In a current article in the New Yorker on the future of publishing he writes of the battle brewing between Apple and Amazon, a battle which may very well leave the publishers behind. You see Apple is trying to compete with Amazon with its iPad whereas Amazon has a business model which works.
Auletta states:
A close associate of Bezos puts it more starkly: “What Amazon really wanted to do was make the price of e-books so low that people would no longer buy hardcover books. Then the next shoe to drop would be to cut publishers out and go right to authors.” Last year, according to several literary agents, a senior Amazon executive asked for suggestions about whom Amazon might hire as an acquisitions editor. Its Encore program has begun to publish books by self-published authors whose work attracts good reviews on Amazon.com. And in January it offered authors who sold electronic rights directly to Amazon a royalty of seventy per cent, provided they agreed to prices of between $2.99 and $9.99. The offer, one irate publisher said, was meant “to pit authors against publishers.”

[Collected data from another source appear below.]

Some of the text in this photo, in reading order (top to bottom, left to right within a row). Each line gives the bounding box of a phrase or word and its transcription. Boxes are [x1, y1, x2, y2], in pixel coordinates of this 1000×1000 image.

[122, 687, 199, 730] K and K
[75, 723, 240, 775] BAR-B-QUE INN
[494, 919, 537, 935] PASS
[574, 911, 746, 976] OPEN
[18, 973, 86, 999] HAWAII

This means that Amazon is trying to disintermediate the publishers and generate a new distribution channel for authors. The issue is clearly that there are many authors out there, and to data the author in the trade press must get an agent who then gets a publisher and the process continues. Agents are gatekeepers, editors are funnels, and the publishers are all too often seekers of the hits very much akin to the old record business.

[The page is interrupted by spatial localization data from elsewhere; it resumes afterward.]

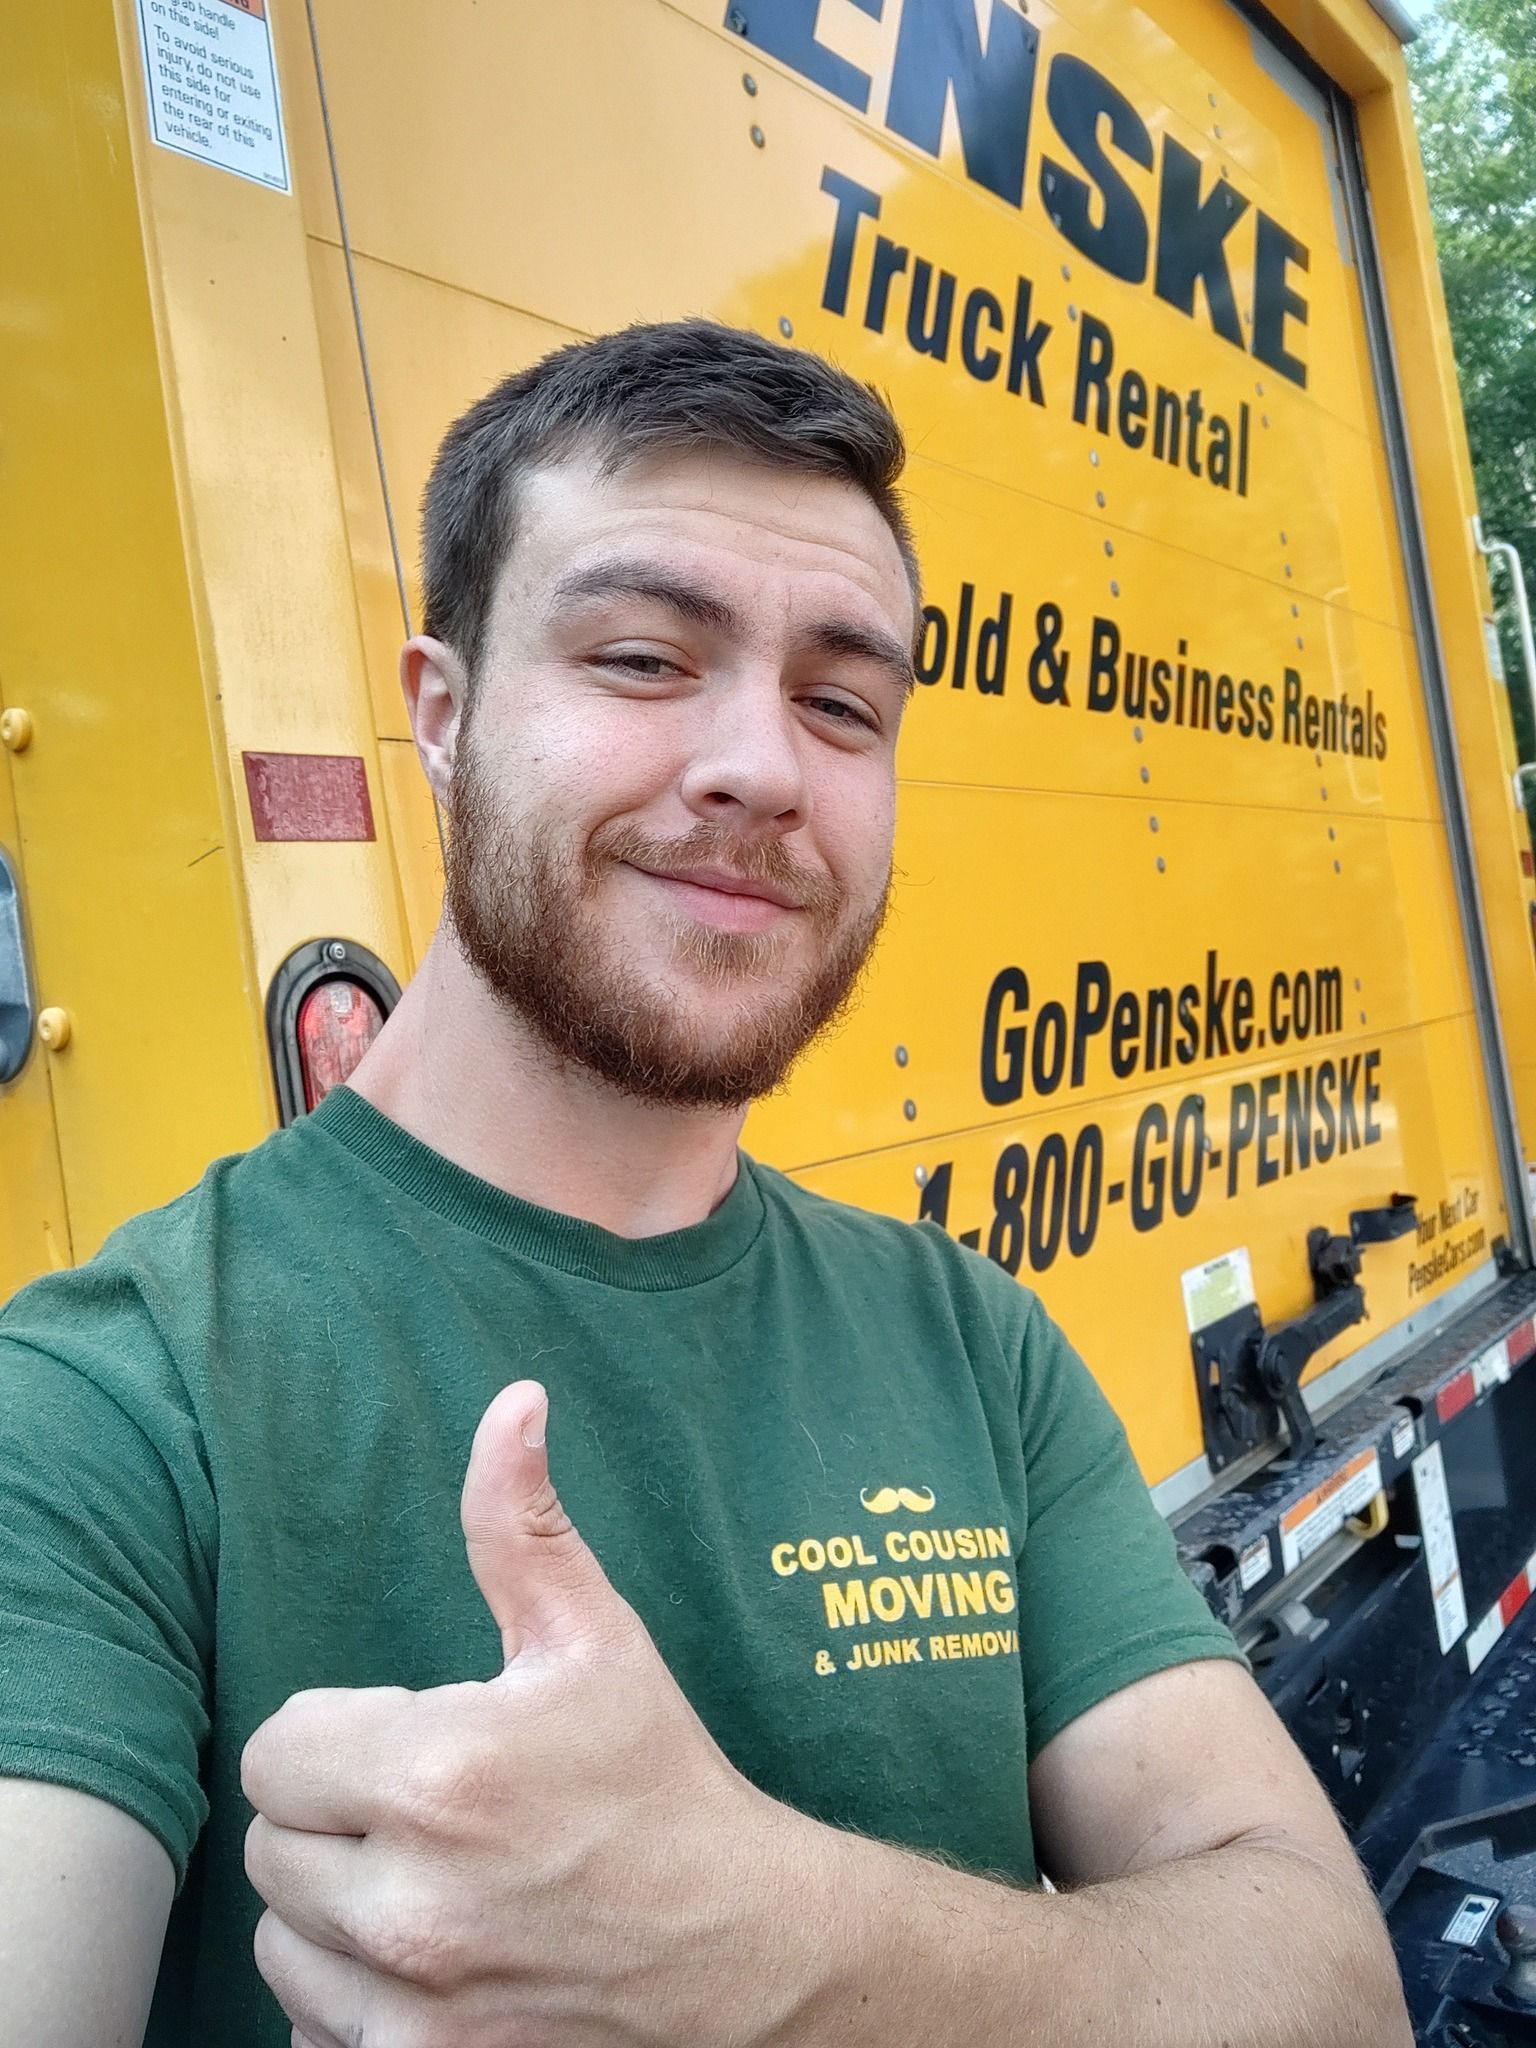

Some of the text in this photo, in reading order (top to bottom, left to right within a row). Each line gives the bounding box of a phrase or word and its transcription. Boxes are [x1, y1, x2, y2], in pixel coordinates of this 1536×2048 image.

[151, 1, 166, 16] on
[168, 7, 190, 27] this
[199, 2, 236, 31] handle
[153, 24, 254, 79] To avoid serious
[157, 43, 261, 99] injury, do not use
[159, 64, 232, 103] this side for
[162, 85, 272, 141] entering or exiting
[163, 101, 255, 147] the rear of this
[165, 121, 213, 148] vehicle.
[819, 163, 1250, 499] Truck Rental
[913, 581, 1388, 762] old & Business Rentals
[979, 949, 1344, 1108] GoPenske.com
[771, 1526, 1012, 1577] COOL COUSIN
[822, 1570, 1017, 1629] MOVING
[815, 1649, 837, 1676] &
[846, 1638, 924, 1671] JUNK

However one must look at the book business in a totality. The trade books the ones we read for pleasure are all too often short term hit businesses. On the other hand companies like Thompson make a fortune on text books, the prices of which are extortionary. For example calculus is calculus and has not changed in 200 years or more. So why pay $175 for a new calculus book when you can get a used one for say $5 at most. The universities are in collusion with the publishers and this just drives up the costs of education. Another example is economics. They charge a fortune for the current edition and yet the last edition is basically the same as were the last three before that. Supply and demand just has not changed that much in say ten years.
Auletta continues:
Asked to describe her foremost concern, Carolyn Reidy, of Simon & Schuster, said, “In the digital world, it is possible for authors to publish without publishers. It is therefore incumbent on us to prove our worth to authors every day.” But publishers have been slow to take up new technologies that might help authors. Andrew Savikas, O’Reilly Media’s vice-president for digital initiatives, is shocked that publishers have done so little to create digital applications for their books. “Nothing is stopping publishers from putting apps for books on iPhones,” he said. “There are fifty million iPhones in the world. That’s a great customer base.” Budget-conscious publishers have also reduced the editing and marketing and other services they provide to authors, which has left a vacuum for others to fill. Author Solutions, a self-publishing company in Bloomington, Indiana, has ninety thousand client-authors. For books that attract commercial interest, the company has partnered with publishers like Harlequin to release them through traditional channels, but with more generous royalties.
Yes with the Internet authors can publish independent of the classic publisher. Amazon allows electronic publishing by having a low cost distribution channel connecting author with reader. Yes it may eliminate the editor, a function which has value, but it makes a more timely dissemination of a product.
Auletta again states:
Most publishers mistrust Amazon and think it is unnecessarily secretive. It won’t tell them details about customer habits, or the number of Kindles sold, or what it costs to make a Kindle. It won’t even disclose the percentage of revenues its book sales represent, saying only that “media”—movies, music, and books—accounted for fifty-two per cent of sales in 2009.
Publishers say that the negotiations with Apple were less contentious. There were arguments over the price of e-books, with publishers wanting the top price set at seventeen dollars and Apple insisting on fifteen. “Once Apple had determined that they were going to accept the agency model,” a publisher said, “they were very tough: Take it or leave it.” But the Apple people “had a much more agreeable feel than Amazon did. They said they would share some consumer data about buying e-books. We have no such data from Amazon.”
Yet Auleta recognizes the change in distribution channels. As the record companies lagged and did not respond the publishers are doing the same. They have even more at risk.
It will be interesting to see how this plays out. I suspect that authors and readers will meet in the 21st century bookstore named Amazon and not Apple.